I'm introducing new ceph_encode_timespec64()/ceph_decode_timespec64()
here that take timespec64 structures and convert to/from ceph_timespec,
which is defined to have an unsigned 32-bit tv_sec member. This extends
the range of valid times to year 2106, avoiding the year 2038 overflow.
The ceph file system portion still uses the old functions for inode
timestamps, this will be done separately after the VFS layer is converted.

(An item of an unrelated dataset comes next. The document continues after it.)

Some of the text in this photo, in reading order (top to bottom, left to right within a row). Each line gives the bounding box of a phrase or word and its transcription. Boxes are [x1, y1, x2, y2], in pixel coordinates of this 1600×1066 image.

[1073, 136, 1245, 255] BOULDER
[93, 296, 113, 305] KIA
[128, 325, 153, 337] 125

Signed-off-by: Arnd Bergmann <arnd@arndb.de>
---
include/linux/ceph/decode.h | 20 +++++++++++++++++++-
include/linux/ceph/messenger.h | 2 +-
net/ceph/auth_x.c | 14 +++++++-------
net/ceph/auth_x.h | 2 +-
net/ceph/cls_lock_client.c | 4 ++--
net/ceph/messenger.c | 20 ++++++++++----------
6 files changed, 40 insertions(+), 22 deletions(-)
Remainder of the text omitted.